The Obama coal carbon plan flies in the face of global trends – by Terence Corcoran (National Post – June 3, 2014)

The National Post is Canada’s second largest national paper.

The new Environmental Protection Agency plan to reduce U.S. carbon-dioxide emissions is being hailed by environmental activists and green industry lobbyists as “momentous,” “historic,” “the most important in history,” “a critical step,” a triumph for President Obama and, by Mother Jones magazine, as a “really big deal.” All of which is a sure sign EPS’s 650-page rhetoric-filled plan to force a 30% reduction in carbon emissions from power plants is a really bad deal.

The EPA’s regulatory shambles of a plan, in which different states in the union will face different targets, aims to cut emissions to 30% below 2005 levels by 2030. It is one of these grand schemes that is destined to fall apart before it gets off the ground. It is, in fact, more of a political gambit than a policy initiative.

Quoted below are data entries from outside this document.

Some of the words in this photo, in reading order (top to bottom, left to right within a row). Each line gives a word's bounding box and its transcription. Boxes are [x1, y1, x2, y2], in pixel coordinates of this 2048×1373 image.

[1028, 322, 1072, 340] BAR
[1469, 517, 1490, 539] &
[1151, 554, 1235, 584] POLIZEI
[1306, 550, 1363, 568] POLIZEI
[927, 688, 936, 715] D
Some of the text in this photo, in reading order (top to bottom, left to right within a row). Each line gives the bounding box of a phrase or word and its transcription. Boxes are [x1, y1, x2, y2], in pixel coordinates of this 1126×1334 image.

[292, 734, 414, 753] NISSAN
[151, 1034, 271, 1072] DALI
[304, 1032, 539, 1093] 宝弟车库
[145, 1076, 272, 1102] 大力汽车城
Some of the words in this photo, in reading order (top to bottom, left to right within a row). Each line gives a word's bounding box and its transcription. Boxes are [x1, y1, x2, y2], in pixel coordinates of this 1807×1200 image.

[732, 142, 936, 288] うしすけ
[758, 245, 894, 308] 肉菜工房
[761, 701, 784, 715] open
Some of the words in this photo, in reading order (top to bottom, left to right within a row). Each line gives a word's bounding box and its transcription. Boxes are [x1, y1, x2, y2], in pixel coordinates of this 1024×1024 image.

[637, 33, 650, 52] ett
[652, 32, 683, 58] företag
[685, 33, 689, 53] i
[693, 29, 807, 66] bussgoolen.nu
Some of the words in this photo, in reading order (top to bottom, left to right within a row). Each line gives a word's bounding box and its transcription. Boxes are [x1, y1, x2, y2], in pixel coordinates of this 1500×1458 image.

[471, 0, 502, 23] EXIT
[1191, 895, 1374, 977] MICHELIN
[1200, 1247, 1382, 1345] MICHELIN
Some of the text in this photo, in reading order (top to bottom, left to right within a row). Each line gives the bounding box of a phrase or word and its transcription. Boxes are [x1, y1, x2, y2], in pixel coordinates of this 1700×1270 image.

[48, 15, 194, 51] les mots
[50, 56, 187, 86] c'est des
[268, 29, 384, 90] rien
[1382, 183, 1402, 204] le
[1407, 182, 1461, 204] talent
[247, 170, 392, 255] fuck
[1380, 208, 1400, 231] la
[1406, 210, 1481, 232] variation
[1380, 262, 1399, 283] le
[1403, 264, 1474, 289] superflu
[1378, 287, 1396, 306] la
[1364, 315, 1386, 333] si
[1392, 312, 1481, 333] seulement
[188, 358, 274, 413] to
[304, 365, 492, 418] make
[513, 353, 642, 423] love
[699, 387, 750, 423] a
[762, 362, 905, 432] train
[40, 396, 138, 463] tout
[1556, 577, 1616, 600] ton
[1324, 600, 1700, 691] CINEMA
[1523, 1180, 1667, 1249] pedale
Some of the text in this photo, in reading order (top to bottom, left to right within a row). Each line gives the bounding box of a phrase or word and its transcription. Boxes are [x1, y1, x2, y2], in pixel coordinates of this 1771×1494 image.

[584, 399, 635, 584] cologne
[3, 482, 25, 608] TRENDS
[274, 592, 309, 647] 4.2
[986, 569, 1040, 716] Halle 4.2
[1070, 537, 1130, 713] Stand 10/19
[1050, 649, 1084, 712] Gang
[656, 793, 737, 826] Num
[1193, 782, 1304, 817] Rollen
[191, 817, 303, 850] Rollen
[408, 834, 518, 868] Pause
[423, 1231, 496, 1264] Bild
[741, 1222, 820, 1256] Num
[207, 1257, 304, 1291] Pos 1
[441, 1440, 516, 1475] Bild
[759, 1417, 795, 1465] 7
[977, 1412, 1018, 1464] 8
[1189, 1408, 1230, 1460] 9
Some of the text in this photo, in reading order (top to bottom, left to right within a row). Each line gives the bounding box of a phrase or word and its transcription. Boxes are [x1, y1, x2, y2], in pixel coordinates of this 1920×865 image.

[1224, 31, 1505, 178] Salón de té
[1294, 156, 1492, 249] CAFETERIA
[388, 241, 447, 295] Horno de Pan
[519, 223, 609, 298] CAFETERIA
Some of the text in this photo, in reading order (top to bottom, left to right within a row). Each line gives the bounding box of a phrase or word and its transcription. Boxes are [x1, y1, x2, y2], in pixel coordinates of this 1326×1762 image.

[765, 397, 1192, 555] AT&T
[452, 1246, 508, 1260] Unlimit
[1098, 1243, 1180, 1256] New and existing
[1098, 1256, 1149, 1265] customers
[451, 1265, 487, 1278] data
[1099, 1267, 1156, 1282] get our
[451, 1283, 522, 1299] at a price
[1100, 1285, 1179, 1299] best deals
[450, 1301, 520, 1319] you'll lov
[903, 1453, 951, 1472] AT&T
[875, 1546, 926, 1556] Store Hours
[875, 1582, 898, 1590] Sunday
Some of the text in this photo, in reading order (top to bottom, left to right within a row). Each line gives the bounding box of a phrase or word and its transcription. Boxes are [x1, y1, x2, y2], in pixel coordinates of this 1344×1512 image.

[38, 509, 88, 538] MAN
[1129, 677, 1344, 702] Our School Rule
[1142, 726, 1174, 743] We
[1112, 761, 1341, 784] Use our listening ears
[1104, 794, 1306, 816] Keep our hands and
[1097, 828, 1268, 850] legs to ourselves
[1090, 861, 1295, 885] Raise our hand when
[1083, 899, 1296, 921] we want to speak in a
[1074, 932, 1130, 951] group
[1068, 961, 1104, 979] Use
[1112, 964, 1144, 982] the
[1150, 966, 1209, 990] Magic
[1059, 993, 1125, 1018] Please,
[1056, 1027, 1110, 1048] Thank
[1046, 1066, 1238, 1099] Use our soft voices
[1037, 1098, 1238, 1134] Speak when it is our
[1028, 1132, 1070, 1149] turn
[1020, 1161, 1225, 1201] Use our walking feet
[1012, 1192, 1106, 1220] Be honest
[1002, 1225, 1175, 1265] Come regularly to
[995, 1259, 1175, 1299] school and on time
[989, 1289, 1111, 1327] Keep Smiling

In that case, green enthusiasm may also be more political strategy than a genuine belief that the government of the world’s biggest and most dynamic economy is going to begin an internal war on relatively inexpensive coal-generated electricity at a time when the rest of the world is heading in the other direction.

Just about everywhere, including coal-free Ontario, the goal of curbing coal use in electricity production generated billions in costs for consumers at zero benefit to the climate. Ontario was the first jurisdiction in North America to launch a full-scale war on coal, using European-style policy initiatives (mainly subsidies for green energy) that have doubled the price of electricity and made Ontario the highest-cost electricity market on the continent.

The Obama plan announced Monday is said to set the stage for a major global carbon control deal. But if the rest of the world is turning to more coal, there won’t be much to negotiate. The U.S. war on coal, one of the more efficient sources of power, comes just as other countries around the world are boosting their coal use.

Coal-fired plants are under construction in Germany, where gas plants are being dismantled to make way for coal. Nuclear plants have been ordered closed, forcing German utilities to turn to coal. One major German generator, RWE, reportedly now generates 52% of its power from lignite, a soft coal, up from 45% in 2011.